▶ **WHAT THIS TASK INVOLVES**
Write out nothing but the lines from the one containing "this 1214×1619 image." through the last line below, both included, and without the pictures.

:: DATA LISTING

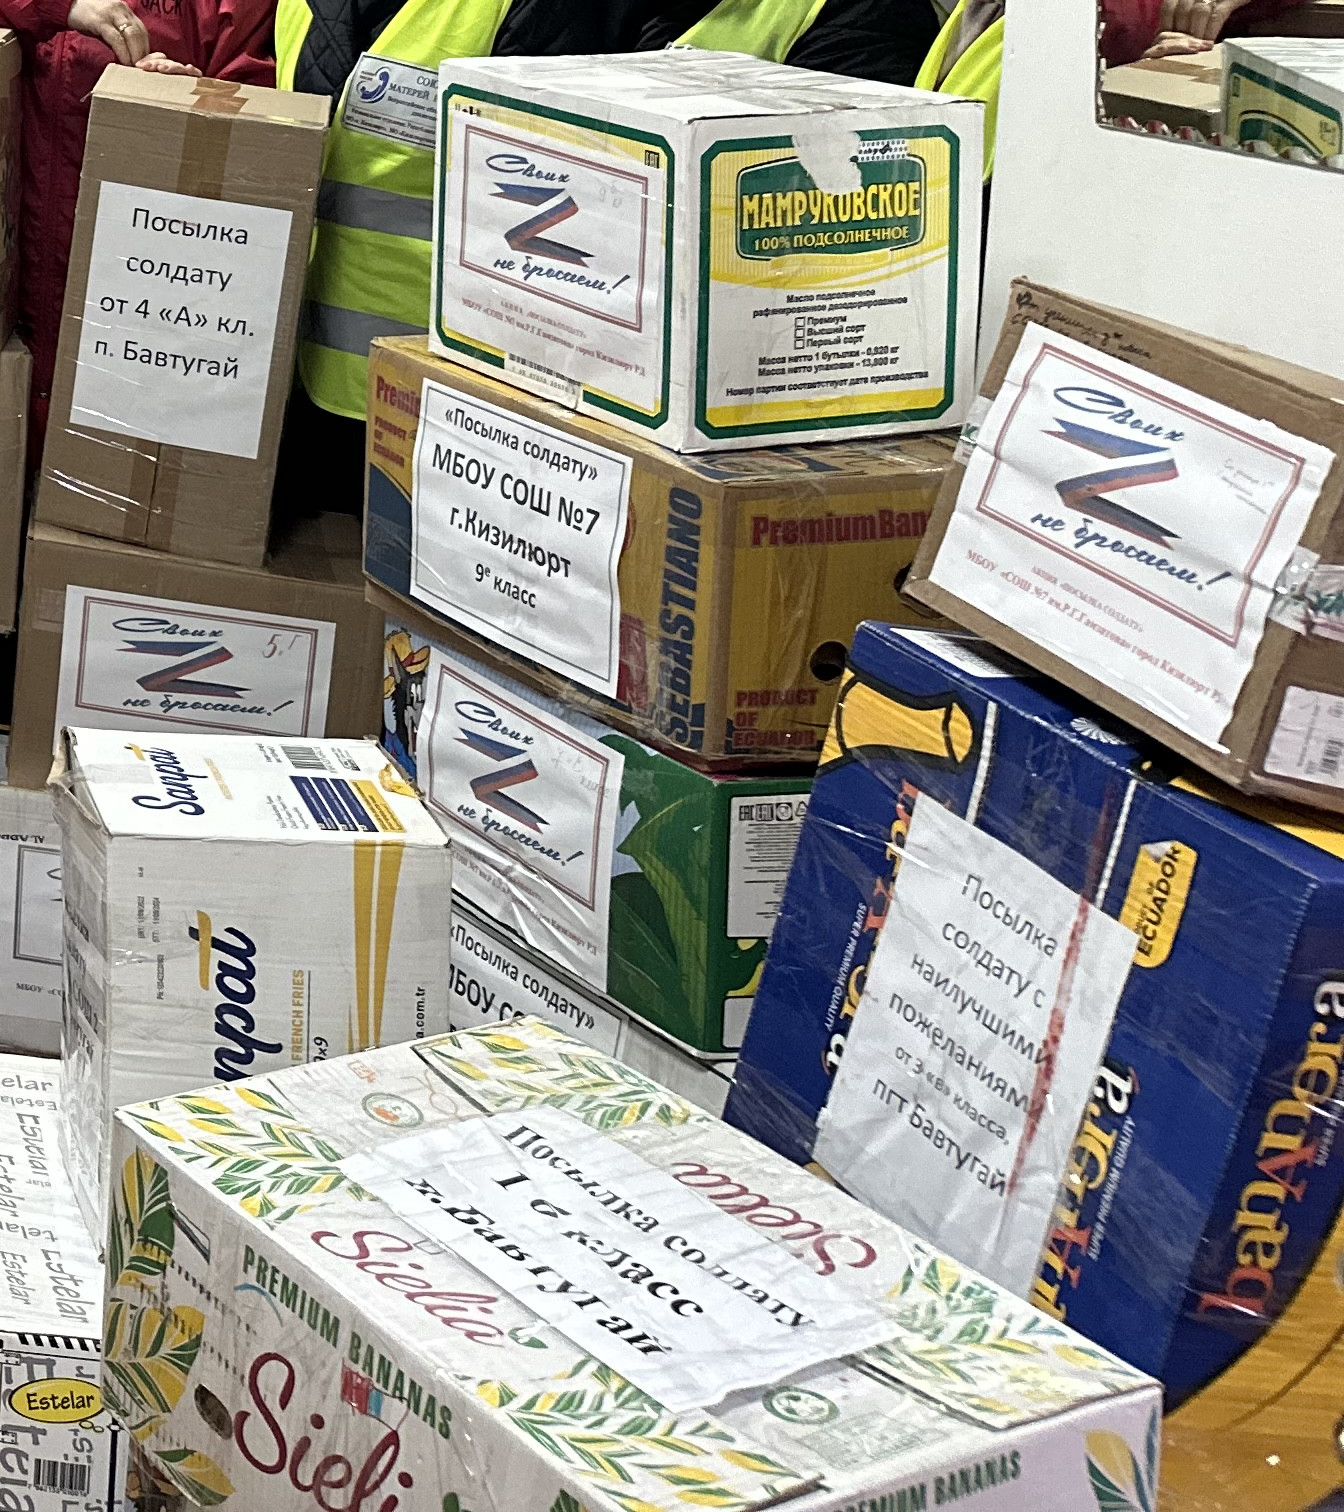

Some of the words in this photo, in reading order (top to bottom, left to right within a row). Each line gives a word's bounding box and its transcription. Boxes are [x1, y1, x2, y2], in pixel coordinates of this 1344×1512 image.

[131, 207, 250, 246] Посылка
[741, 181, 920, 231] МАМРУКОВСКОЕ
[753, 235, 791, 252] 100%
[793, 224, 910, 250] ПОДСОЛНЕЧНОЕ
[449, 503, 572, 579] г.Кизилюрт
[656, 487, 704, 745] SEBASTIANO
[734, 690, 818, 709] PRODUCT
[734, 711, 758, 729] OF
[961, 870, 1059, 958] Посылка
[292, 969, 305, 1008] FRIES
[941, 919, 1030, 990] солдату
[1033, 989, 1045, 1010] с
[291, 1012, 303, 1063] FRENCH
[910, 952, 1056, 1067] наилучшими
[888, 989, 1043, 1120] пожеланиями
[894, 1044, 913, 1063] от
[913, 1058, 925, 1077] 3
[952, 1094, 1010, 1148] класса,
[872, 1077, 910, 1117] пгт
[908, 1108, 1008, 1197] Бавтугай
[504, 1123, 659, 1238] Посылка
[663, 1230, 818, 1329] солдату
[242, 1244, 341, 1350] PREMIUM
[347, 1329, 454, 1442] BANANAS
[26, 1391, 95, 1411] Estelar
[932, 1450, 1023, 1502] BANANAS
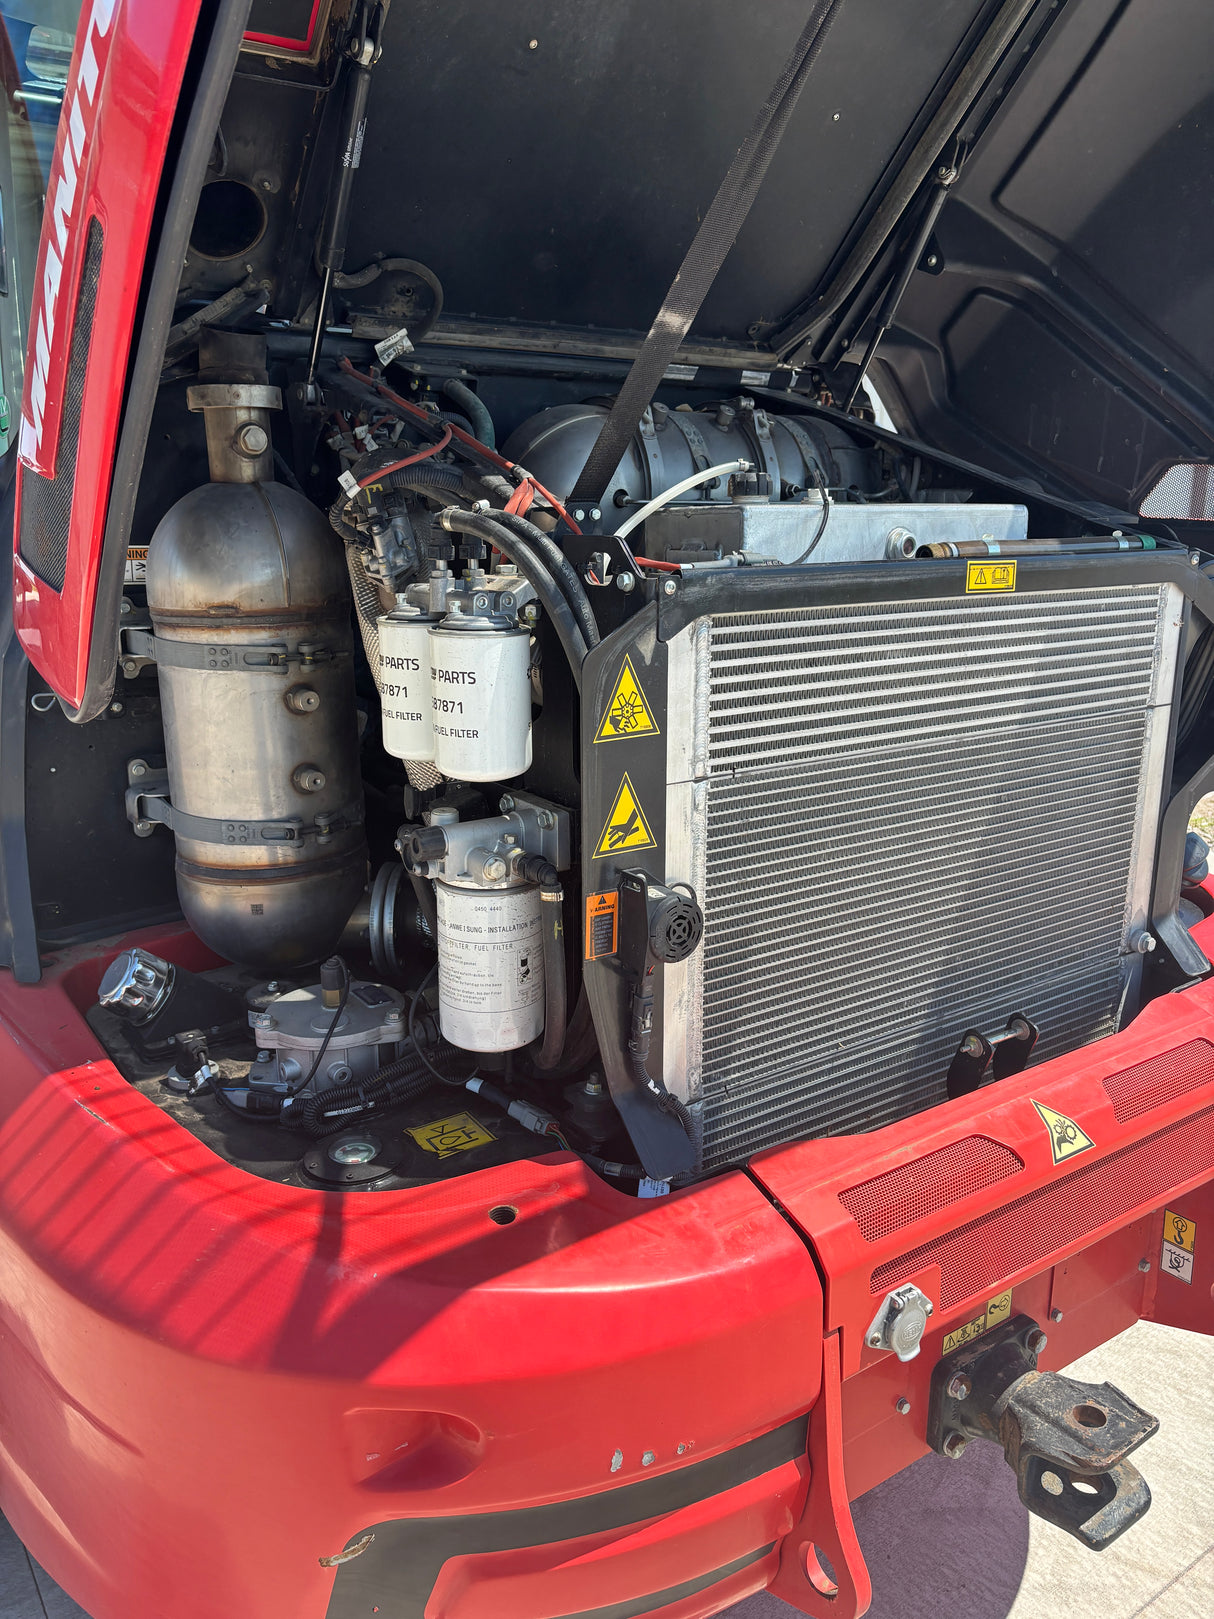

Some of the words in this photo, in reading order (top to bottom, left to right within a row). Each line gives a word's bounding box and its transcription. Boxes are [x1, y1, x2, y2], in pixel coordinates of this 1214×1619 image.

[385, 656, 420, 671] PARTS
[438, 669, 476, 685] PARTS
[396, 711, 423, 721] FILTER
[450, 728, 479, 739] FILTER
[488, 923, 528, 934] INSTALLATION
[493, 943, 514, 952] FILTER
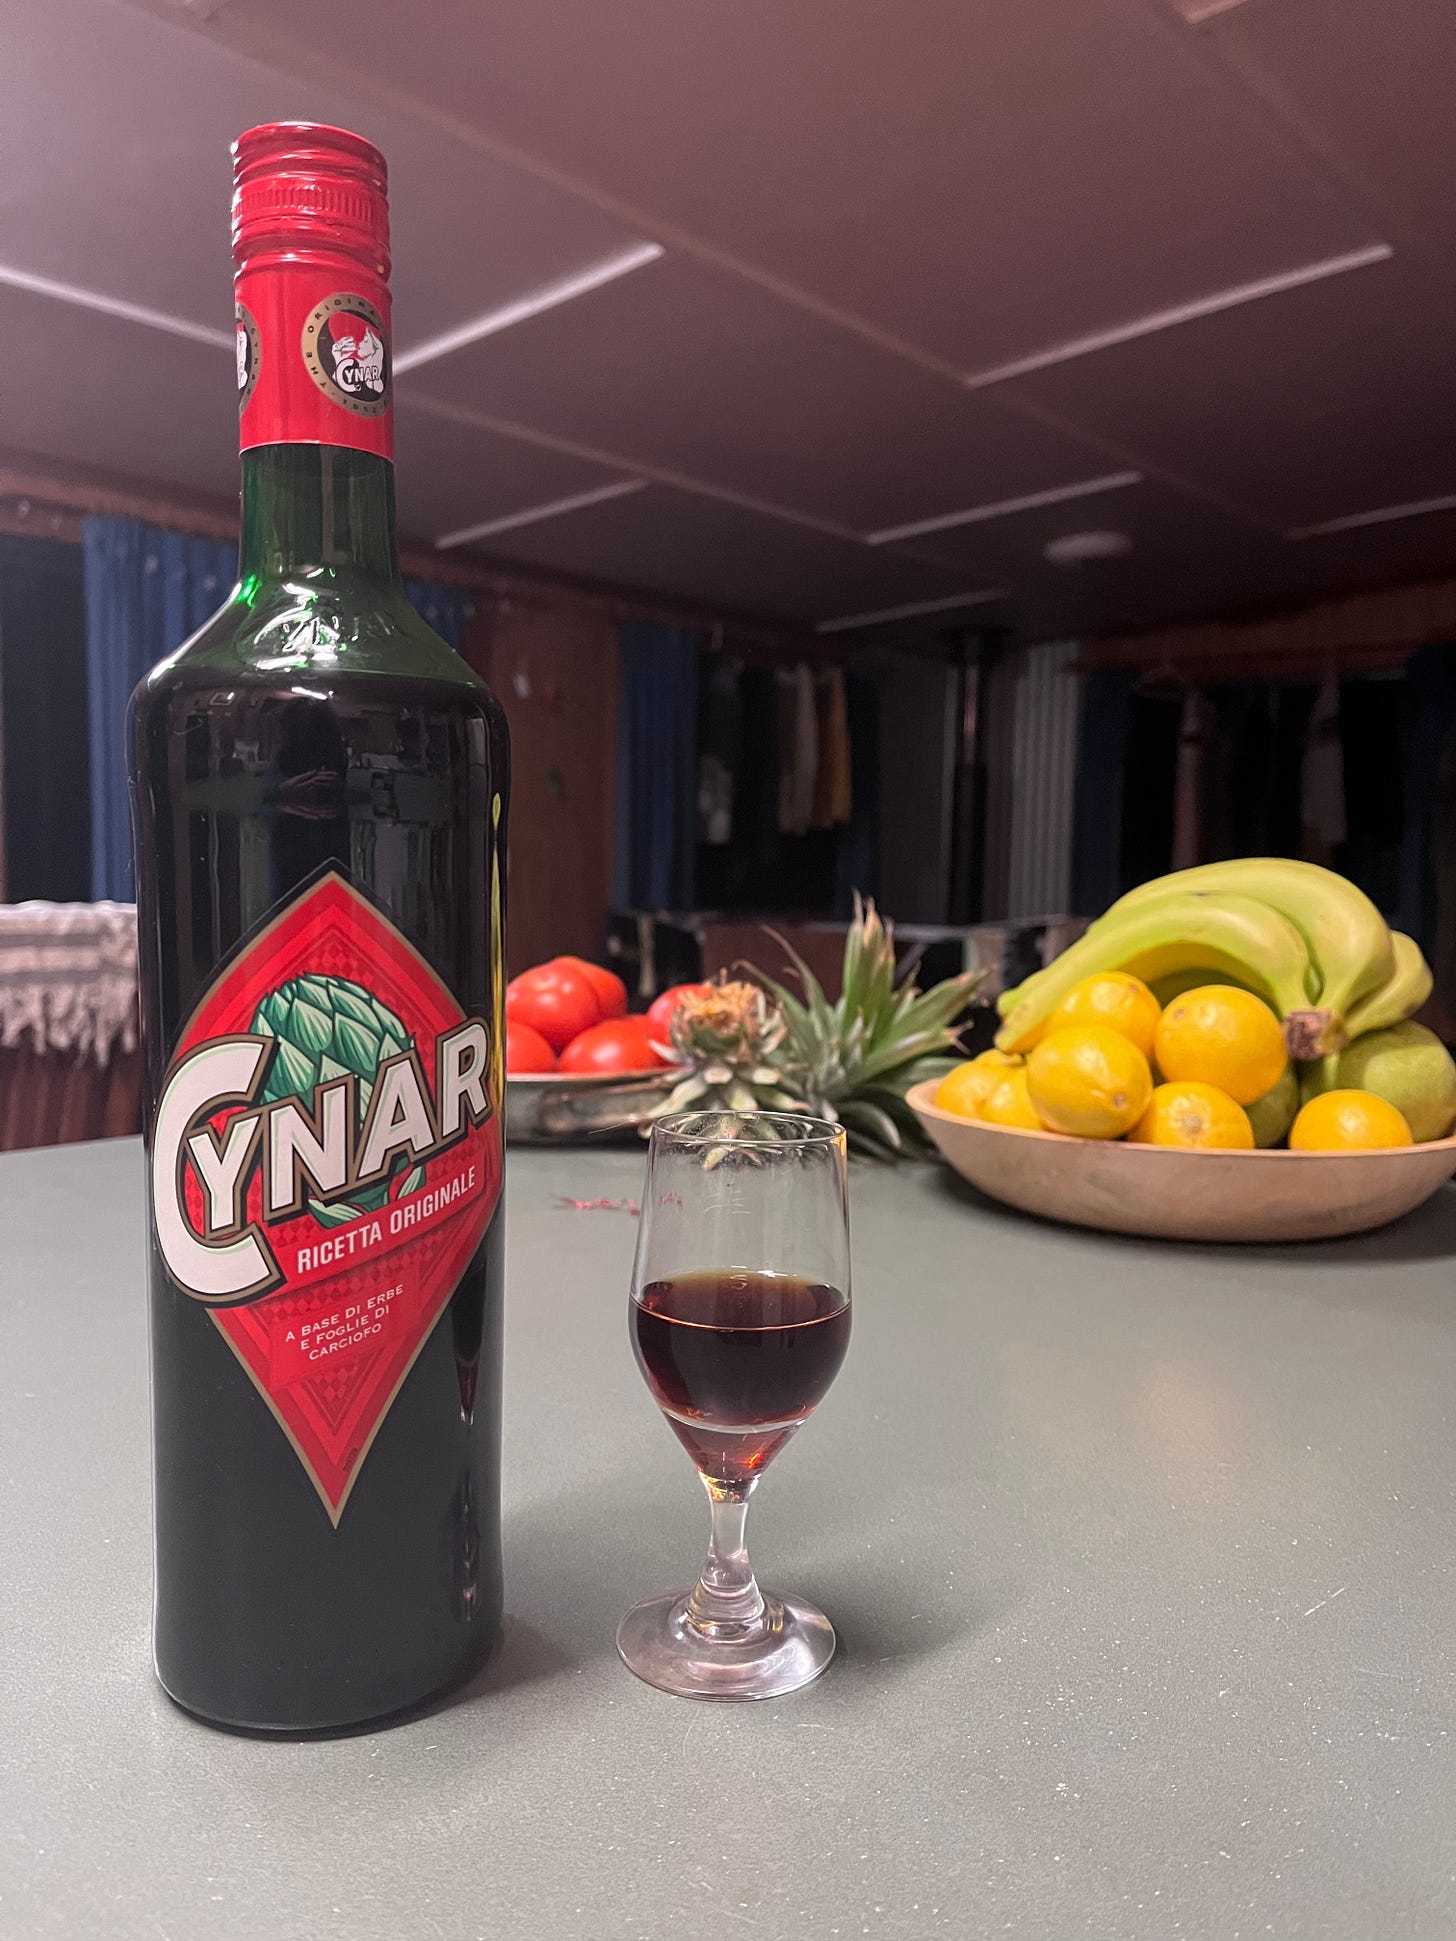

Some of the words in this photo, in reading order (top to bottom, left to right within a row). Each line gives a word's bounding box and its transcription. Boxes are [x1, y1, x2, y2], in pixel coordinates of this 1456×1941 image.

::::

▶ **FINAL ANSWER**
Some of the words in this photo, in reading order (top to bottom, left to right within a row). Each line gives a word's bounding box and its transcription. Boxes are [x1, y1, x2, y2], in pixel coordinates of this 1214×1619 image.

[385, 656, 420, 671] PARTS
[438, 669, 476, 685] PARTS
[396, 711, 423, 721] FILTER
[450, 728, 479, 739] FILTER
[488, 923, 528, 934] INSTALLATION
[493, 943, 514, 952] FILTER

Some of the words in this photo, in reading order (top to bottom, left to right within a row). Each line gives a word's bounding box and its transcription. Boxes are [x1, y1, x2, y2], in pixel coordinates of this 1456×1941 image.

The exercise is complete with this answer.